PROBLEM - Every entry below should be restated word for word, except for its images.

EXTRACTED INFORMATION -

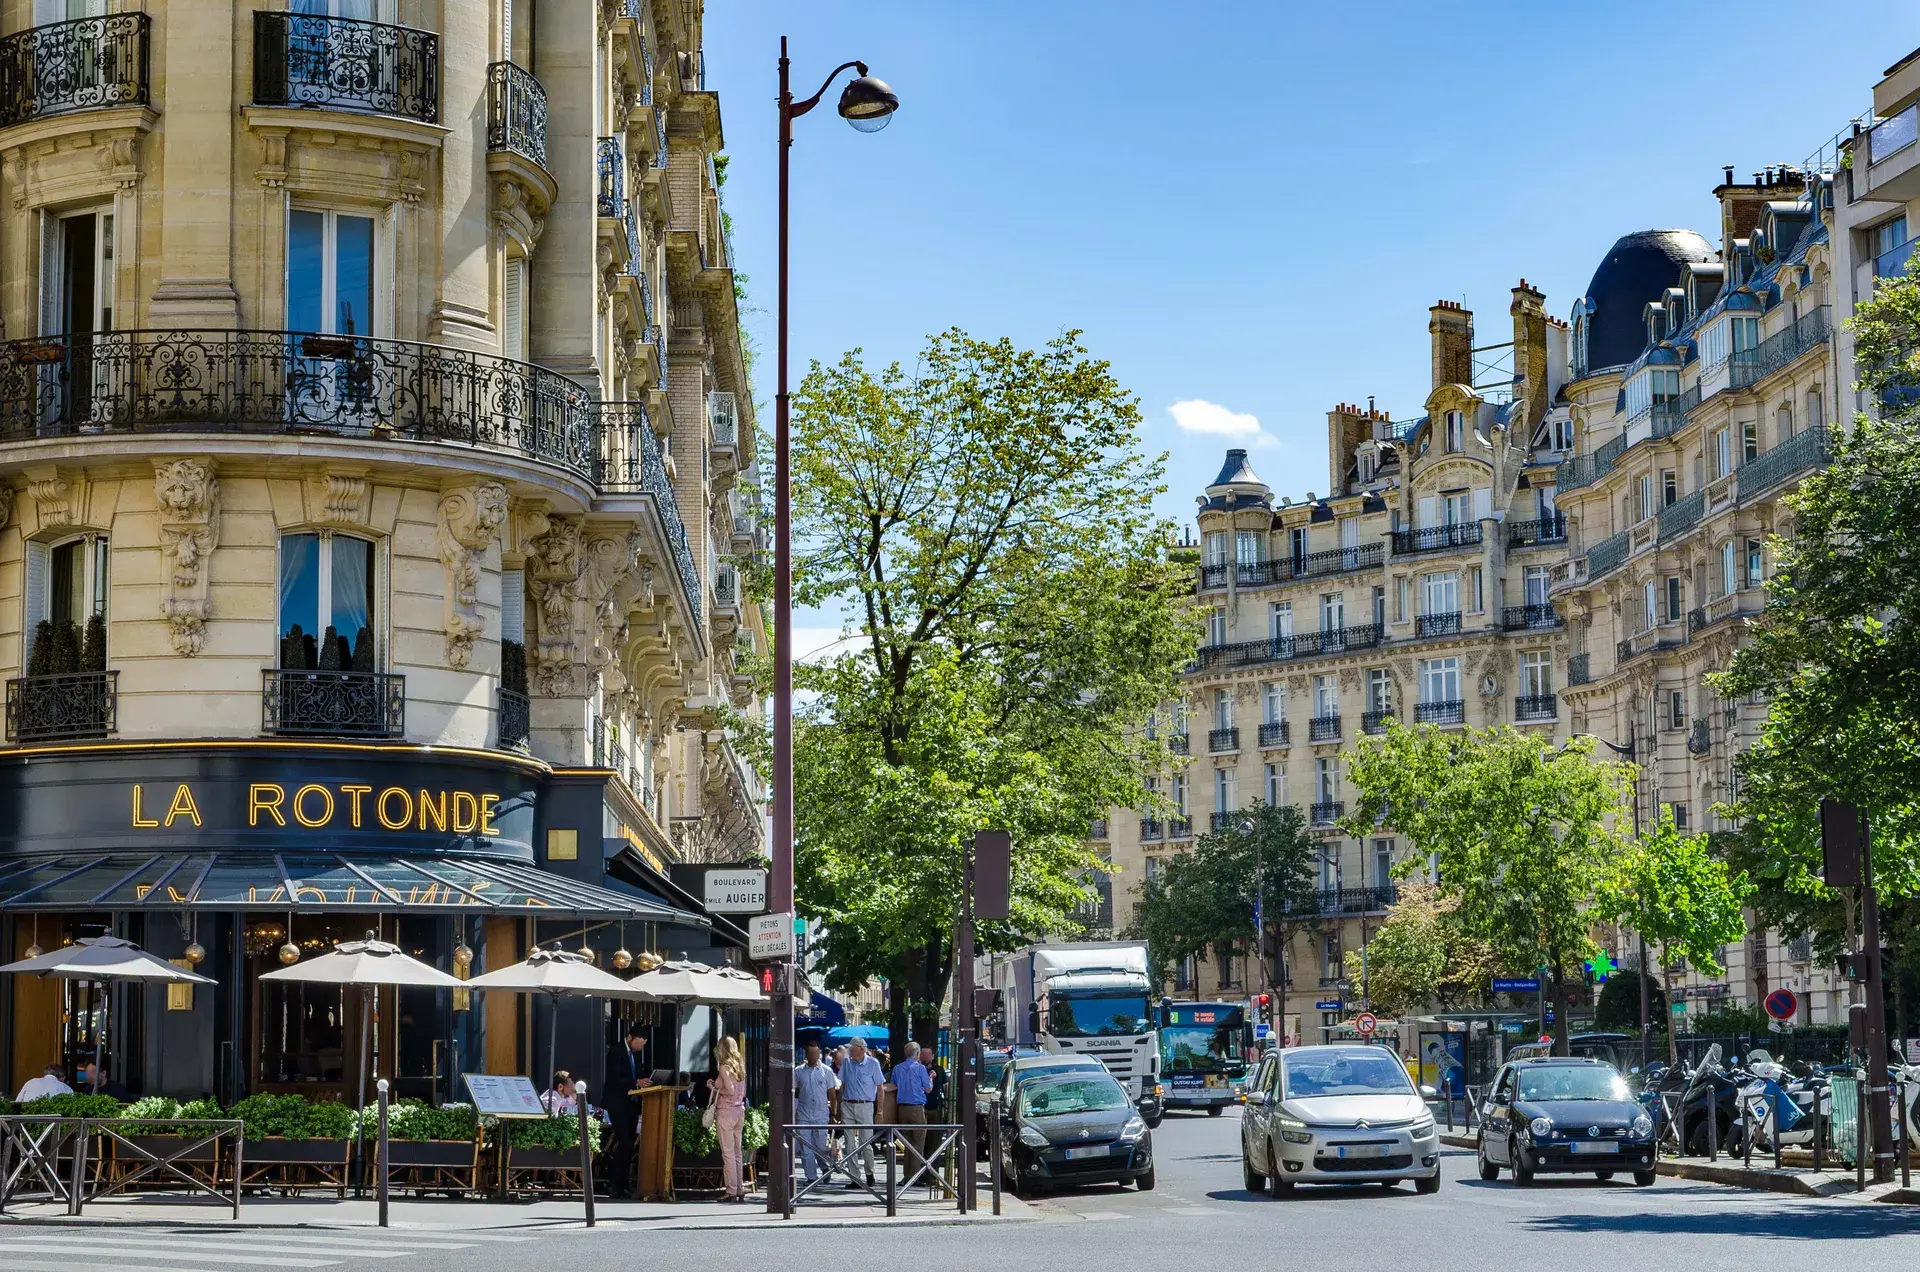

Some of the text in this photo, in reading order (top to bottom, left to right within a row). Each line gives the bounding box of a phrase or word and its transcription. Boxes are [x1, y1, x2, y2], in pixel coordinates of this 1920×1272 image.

[132, 783, 501, 836] LA ROTONDE
[726, 893, 764, 903] AUGIER
[760, 920, 779, 929] PIÉTONS
[757, 931, 782, 941] ATTENTION
[753, 941, 787, 954] FEUX DÉCALÉS

SOLUTION -
Some of the text in this photo, in reading order (top to bottom, left to right within a row). Each line gives the bounding box of a phrase or word and its transcription. Boxes are [x1, y1, x2, y2], in pixel coordinates of this 1920×1272 image.

[132, 783, 501, 836] LA ROTONDE
[726, 893, 764, 903] AUGIER
[760, 920, 779, 929] PIÉTONS
[757, 931, 782, 941] ATTENTION
[753, 941, 787, 954] FEUX DÉCALÉS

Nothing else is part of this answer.